DESCRIPTION OF THE TASK
Set down all of the entries below word for word, with the pictures left out.

DATASET ENTRIES

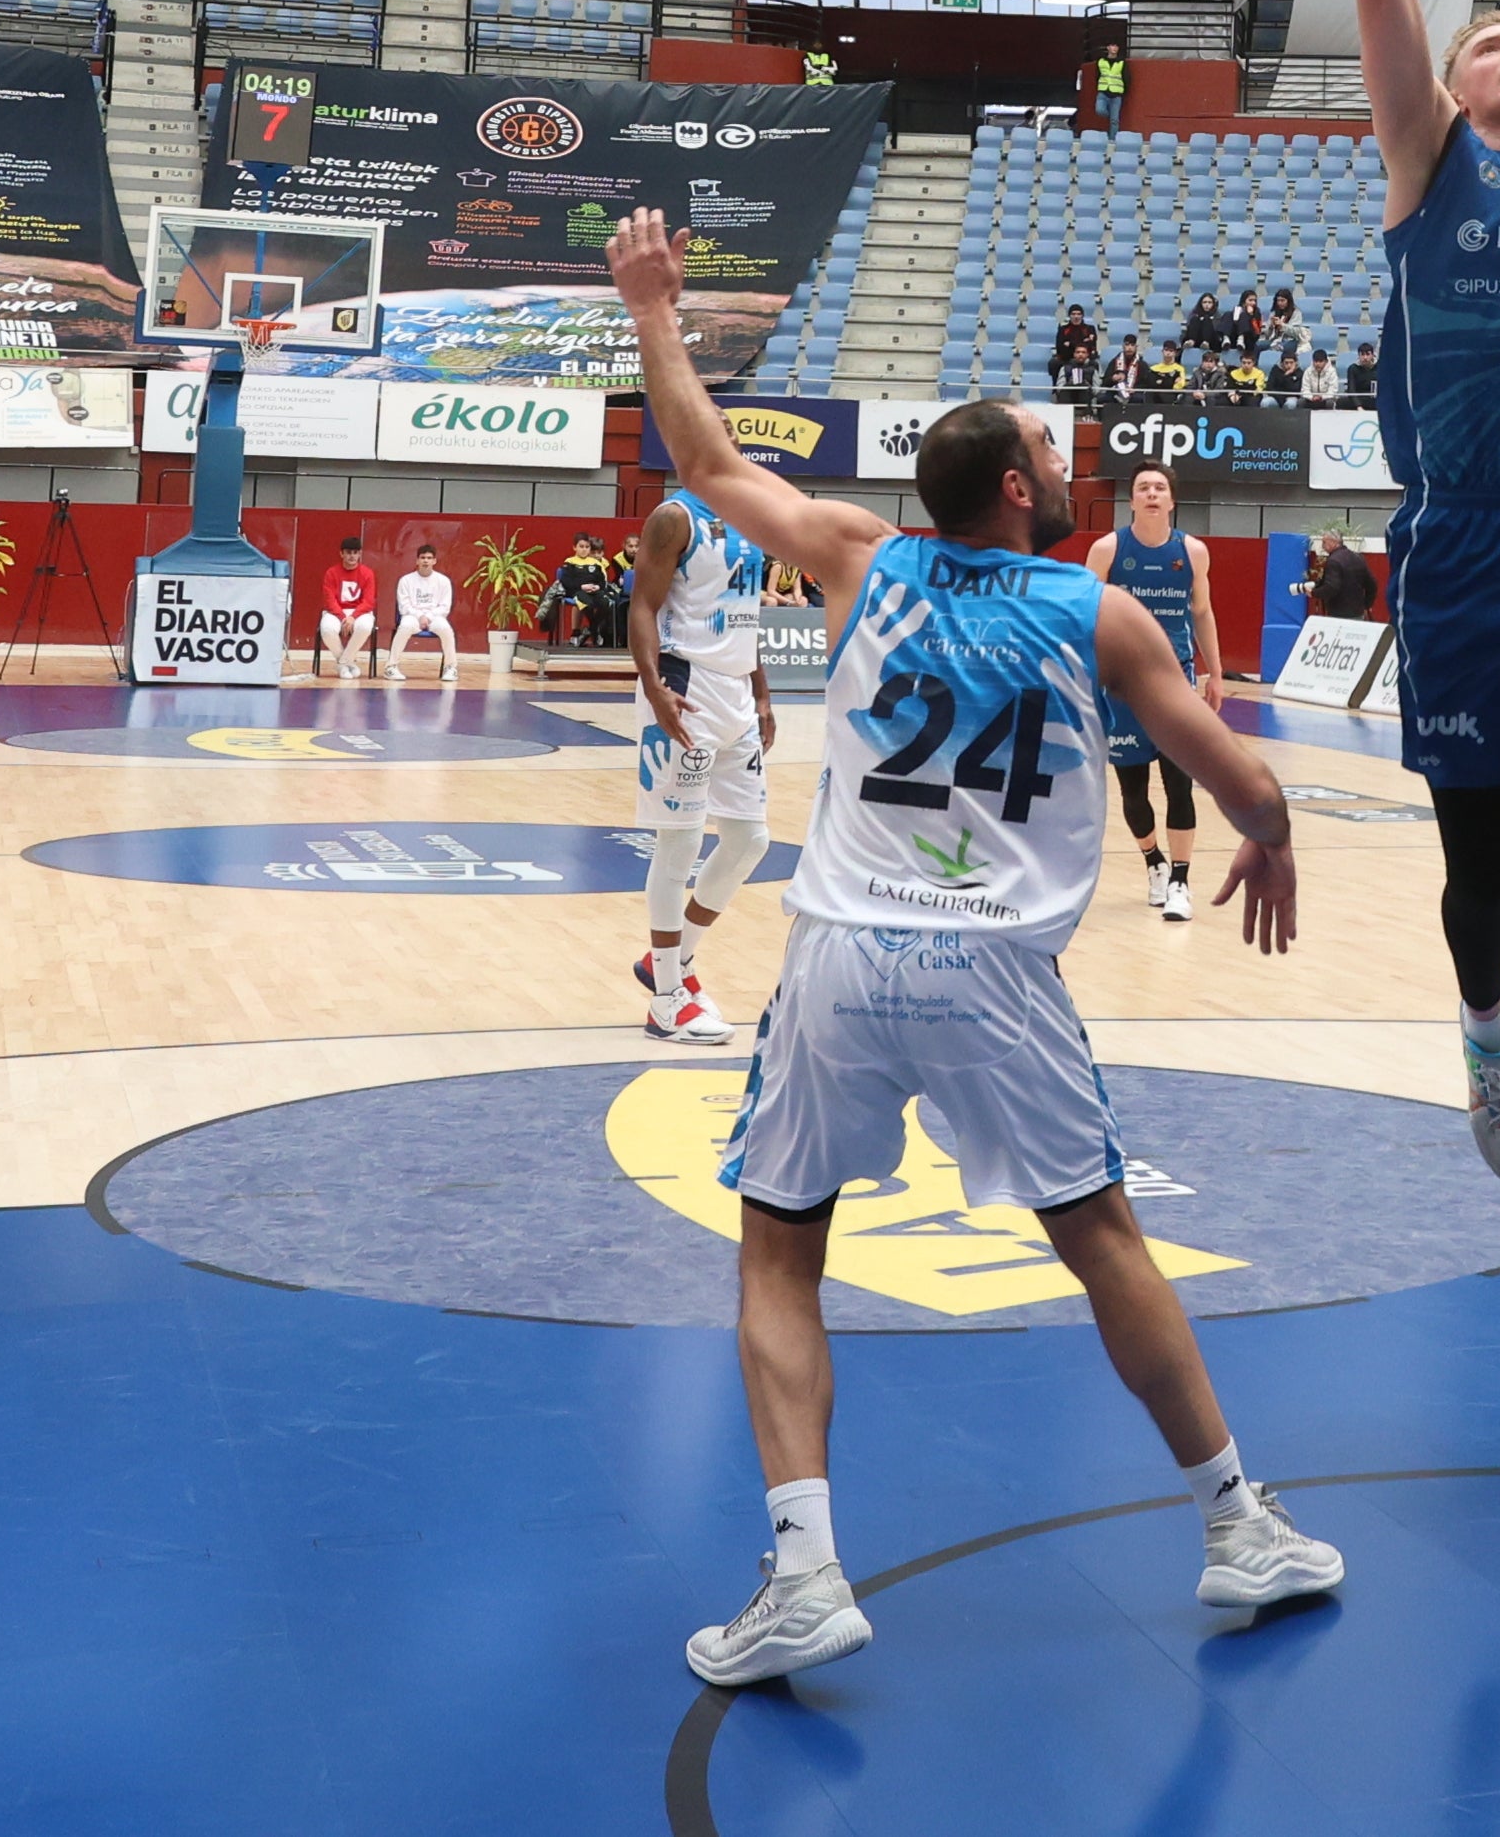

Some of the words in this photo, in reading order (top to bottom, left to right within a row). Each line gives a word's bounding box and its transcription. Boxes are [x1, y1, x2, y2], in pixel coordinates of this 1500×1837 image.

[244, 73, 312, 97] 04:19
[256, 92, 298, 104] MONDO
[260, 104, 290, 142] 7
[313, 103, 439, 125] aturklima
[324, 169, 432, 184] handiak
[357, 160, 441, 175] txikiek
[298, 176, 417, 192] ditzakete
[280, 191, 402, 207] pequeños
[343, 206, 439, 218] pueden
[552, 375, 573, 388] TU
[411, 394, 570, 435] ékolo
[409, 435, 476, 449] produktu
[481, 438, 568, 452] ekologikoak
[743, 452, 781, 463] NORTE
[1233, 447, 1279, 460] servicio
[1281, 449, 1298, 460] de
[1232, 459, 1298, 472] prevención
[728, 563, 757, 596] 41
[927, 552, 1033, 598] DANI
[157, 580, 193, 605] EL
[1132, 586, 1187, 599] Naturklima
[154, 608, 265, 635] DIARIO
[151, 637, 259, 664] VASCO
[859, 670, 1054, 824] 24
[868, 877, 1021, 922] Extremadura
[932, 931, 961, 949] del
[918, 949, 976, 972] Casar

SOLUTION BELOW
Some of the words in this photo, in reading order (top to bottom, left to right within a row). Each line gives a word's bounding box and its transcription. Boxes are [x1, y1, x2, y2], in pixel coordinates of this 1500×1837 image.

[244, 73, 312, 97] 04:19
[256, 92, 298, 104] MONDO
[260, 104, 290, 142] 7
[313, 103, 439, 125] aturklima
[324, 169, 432, 184] handiak
[357, 160, 441, 175] txikiek
[298, 176, 417, 192] ditzakete
[280, 191, 402, 207] pequeños
[343, 206, 439, 218] pueden
[552, 375, 573, 388] TU
[411, 394, 570, 435] ékolo
[409, 435, 476, 449] produktu
[481, 438, 568, 452] ekologikoak
[743, 452, 781, 463] NORTE
[1233, 447, 1279, 460] servicio
[1281, 449, 1298, 460] de
[1232, 459, 1298, 472] prevención
[728, 563, 757, 596] 41
[927, 552, 1033, 598] DANI
[157, 580, 193, 605] EL
[1132, 586, 1187, 599] Naturklima
[154, 608, 265, 635] DIARIO
[151, 637, 259, 664] VASCO
[859, 670, 1054, 824] 24
[868, 877, 1021, 922] Extremadura
[932, 931, 961, 949] del
[918, 949, 976, 972] Casar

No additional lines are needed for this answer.